AT THE CHATHAM THEATER
Chatham Theater, New York City (c. 1850)
A benefit for Dick Pehlam,
featuring, "The Virginia Minstrels."
Four musicians formed a band. Frank Brower played the "bones,"
(sticks) Dan Emmett, the violin, Billy Whitlock, the banjo, and R. W. Pelham,
the tambourine. They opened the show
with, "De Boatman Dance."
They played a lively, newly style of music, loosely based on what was
perceived to be the music of the Southern black slave. They danced, told jokes, interacted with the
audience, sang songs of great wit and pathos.
It was exotic and intoxicating, thrilling and moving, and in the end,
caused a sensation that would last fifty or so years in one form or another,
and the musical styles that descended from their music are still with us to
this day. They called themselves, The
Virginia Minstrels. Oh, and they wore
burnt cork to darken their skin so as to appear to be black.

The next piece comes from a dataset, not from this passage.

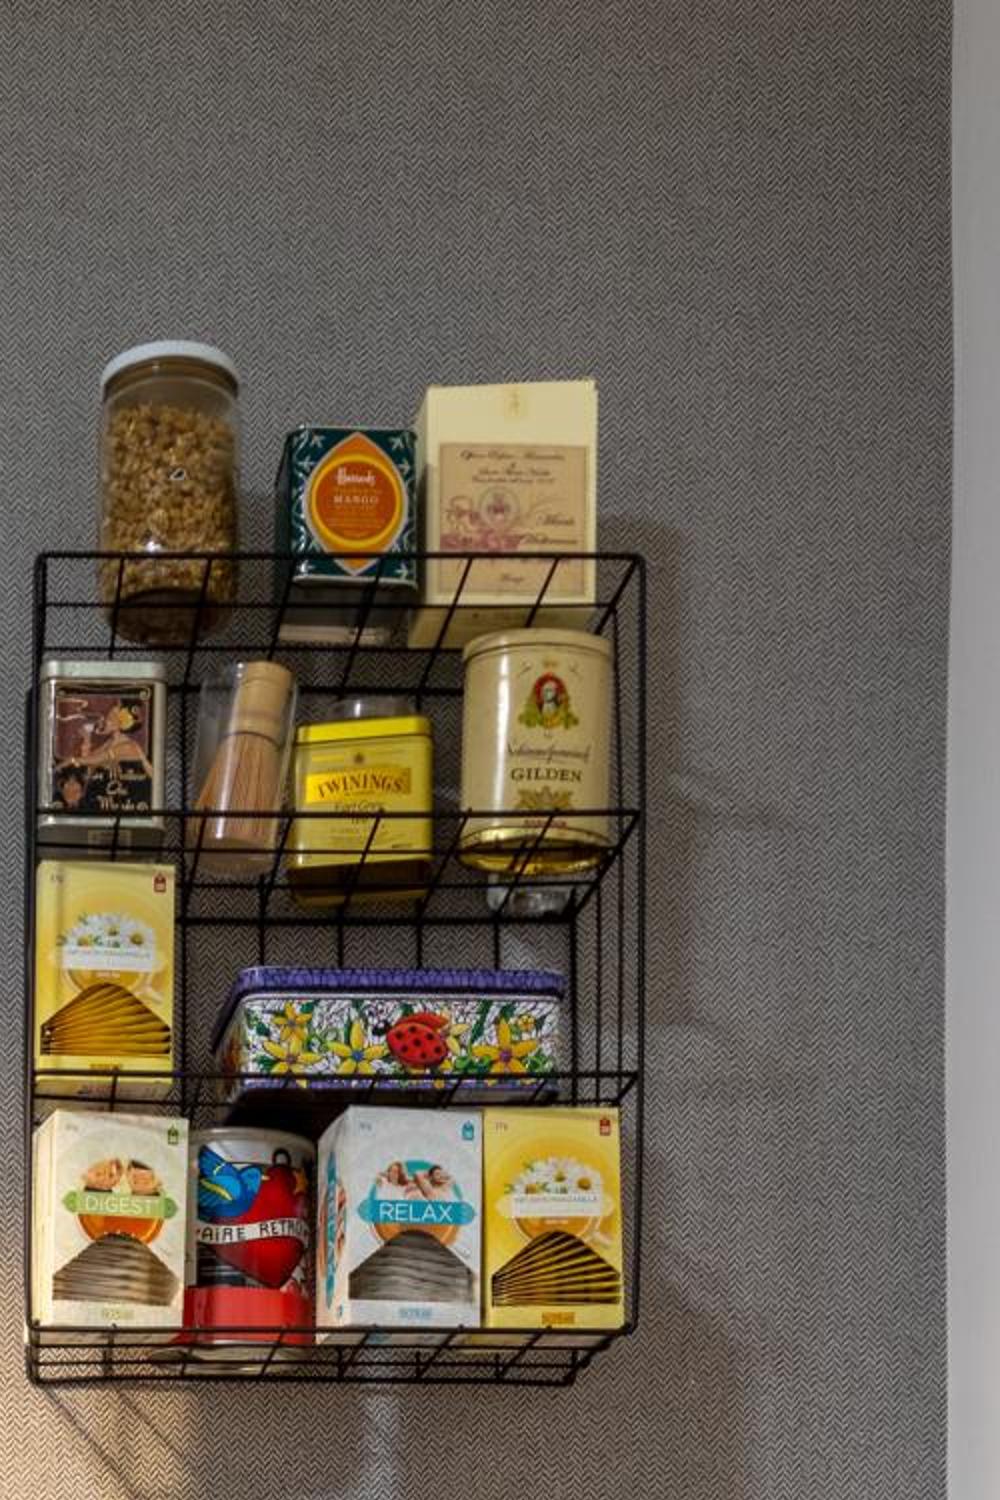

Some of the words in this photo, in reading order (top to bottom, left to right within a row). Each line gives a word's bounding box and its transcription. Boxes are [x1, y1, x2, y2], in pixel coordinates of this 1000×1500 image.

That was the evening of January 31, 1843, at the Chatham
Theater on Chatham Street in New York City and a completely new form of
entertainment, and of style and ethos of music, known collectively as,
"Blackface Minstrelsy," was born.
The result was that American popular music would take a turn that would
determine and effect its very nature through to the present day. For without the creative genius of these
"minstrels," Scott Joplin does not write "The Maple Leaf
Rag," or any other "ragtime" piece, as ragtime would not exist. Nor, then, would there be any Dixieland Jazz
out of New Orleans and Kansas City,
mainstream jazz would never have
evolved, no Rhythm n' Blues, no Country or Country Western as we know it, or
even, later on, Rock and Roll. It was
the inventive genius of the early 19th century minstrel band that set all this
in motion, that allowed these musical styles to exist.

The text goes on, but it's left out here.